Proof-of-concept code has been released for DirtyDecrypt, a Linux kernel flaw that can allow local privilege escalation on affected systems, according to a technical analysis from V12 Security. The issue is tied to CVE-2026-31635 and affects systems with CONFIG_RXGK enabled.
KEY FACTS
- Bug type A missing copy-on-write guard in rxgk_decrypt_skb
- Impact Local attackers could overwrite data in privileged memory or file page cache
- Affected systems Distributions with CONFIG_RXGK enabled, including Fedora, Arch Linux, and openSUSE Tumbleweed
- Related issue The flaw is described as a variant of earlier Linux privilege escalation bugs
The report says the bug sits in rxgk_decrypt_skb, which decrypts incoming socket buffers on the receive side.

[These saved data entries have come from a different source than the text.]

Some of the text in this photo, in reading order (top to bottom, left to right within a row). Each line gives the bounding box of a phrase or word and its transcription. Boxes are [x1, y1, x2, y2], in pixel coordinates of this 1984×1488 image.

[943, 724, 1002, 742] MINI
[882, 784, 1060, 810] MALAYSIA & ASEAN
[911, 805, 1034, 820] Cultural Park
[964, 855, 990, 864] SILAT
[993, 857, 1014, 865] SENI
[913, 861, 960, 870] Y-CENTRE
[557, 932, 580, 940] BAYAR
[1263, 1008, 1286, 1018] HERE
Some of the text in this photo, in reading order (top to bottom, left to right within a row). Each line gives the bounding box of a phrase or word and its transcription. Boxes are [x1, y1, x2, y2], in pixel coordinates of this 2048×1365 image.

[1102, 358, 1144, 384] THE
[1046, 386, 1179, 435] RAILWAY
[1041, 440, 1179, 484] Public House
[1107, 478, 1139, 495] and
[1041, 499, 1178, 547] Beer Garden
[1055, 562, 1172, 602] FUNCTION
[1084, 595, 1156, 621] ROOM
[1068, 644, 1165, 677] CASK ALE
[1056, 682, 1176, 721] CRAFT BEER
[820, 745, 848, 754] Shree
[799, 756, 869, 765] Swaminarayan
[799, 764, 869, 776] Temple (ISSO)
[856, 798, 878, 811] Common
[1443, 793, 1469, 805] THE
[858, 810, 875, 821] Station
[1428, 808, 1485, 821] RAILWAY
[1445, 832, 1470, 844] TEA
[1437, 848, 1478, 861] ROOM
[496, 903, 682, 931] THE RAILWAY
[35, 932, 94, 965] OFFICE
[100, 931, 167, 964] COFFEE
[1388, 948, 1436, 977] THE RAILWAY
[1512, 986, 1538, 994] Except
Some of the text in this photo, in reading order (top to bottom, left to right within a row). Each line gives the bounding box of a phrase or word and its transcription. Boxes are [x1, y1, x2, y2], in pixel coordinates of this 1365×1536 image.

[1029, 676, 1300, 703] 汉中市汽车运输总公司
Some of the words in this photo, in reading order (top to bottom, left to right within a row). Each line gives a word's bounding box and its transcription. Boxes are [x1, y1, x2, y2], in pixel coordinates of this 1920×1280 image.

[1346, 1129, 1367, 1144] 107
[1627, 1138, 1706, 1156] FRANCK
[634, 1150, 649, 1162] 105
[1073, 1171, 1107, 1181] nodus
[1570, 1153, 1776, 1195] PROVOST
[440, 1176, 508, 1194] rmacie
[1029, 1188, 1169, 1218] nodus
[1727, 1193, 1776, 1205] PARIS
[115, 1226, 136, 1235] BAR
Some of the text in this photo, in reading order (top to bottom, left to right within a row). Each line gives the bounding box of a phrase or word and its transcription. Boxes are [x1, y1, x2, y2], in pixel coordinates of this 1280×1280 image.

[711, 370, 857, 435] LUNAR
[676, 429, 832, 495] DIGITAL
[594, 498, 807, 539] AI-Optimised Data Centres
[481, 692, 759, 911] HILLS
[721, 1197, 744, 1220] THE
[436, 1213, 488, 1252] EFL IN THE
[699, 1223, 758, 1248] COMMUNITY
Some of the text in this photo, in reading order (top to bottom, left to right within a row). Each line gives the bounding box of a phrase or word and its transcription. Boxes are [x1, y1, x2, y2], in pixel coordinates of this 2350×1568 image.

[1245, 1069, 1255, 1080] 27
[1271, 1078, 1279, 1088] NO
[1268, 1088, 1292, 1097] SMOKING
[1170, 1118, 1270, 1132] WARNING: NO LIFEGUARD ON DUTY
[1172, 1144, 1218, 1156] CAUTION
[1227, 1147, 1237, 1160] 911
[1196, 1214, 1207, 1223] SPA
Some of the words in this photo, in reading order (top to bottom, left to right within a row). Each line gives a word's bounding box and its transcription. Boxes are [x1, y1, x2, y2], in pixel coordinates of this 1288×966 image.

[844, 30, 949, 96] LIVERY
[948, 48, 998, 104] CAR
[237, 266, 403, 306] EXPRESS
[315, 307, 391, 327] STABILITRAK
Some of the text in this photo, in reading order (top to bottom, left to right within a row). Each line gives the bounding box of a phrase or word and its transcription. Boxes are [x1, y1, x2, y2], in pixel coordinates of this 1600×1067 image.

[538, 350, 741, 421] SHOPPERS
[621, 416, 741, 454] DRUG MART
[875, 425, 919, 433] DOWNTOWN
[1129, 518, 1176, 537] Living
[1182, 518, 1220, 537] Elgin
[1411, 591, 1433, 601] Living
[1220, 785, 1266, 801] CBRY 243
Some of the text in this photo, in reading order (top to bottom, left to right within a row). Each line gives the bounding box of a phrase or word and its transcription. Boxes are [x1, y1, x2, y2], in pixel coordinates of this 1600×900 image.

In the affected code path, the kernel can write to memory pages that are shared with other processes instead of making a private copy first.
That behavior can let data be written into the memory of privileged processes or into the page cache of sensitive files, including /etc/shadow, /etc/sudoers, or a SUID binary. The disclosure says the issue can lead to root access.
According to the report, containerized environments may also be exposed if worker nodes run a vulnerable kernel version. The same write-up places the flaw alongside earlier Linux privilege escalation issues known as Copy Fail, Dirty Frag, and Fragnesia.
Separately, Linux kernel developers are reviewing a proposed emergency killswitch that would let administrators disable a vulnerable kernel function at runtime until a patch is available. Rocky Linux also said it has added an optional security repository to speed delivery of urgent fixes in narrow cases where public exploits exist before coordinated upstream patches.
WHY IT MATTERS
The release of working code can shorten the time defenders have to patch systems that use the affected kernel feature. For administrators, the practical risk is that an unprivileged local account may be able to gain root privileges if vulnerable builds remain unpatched.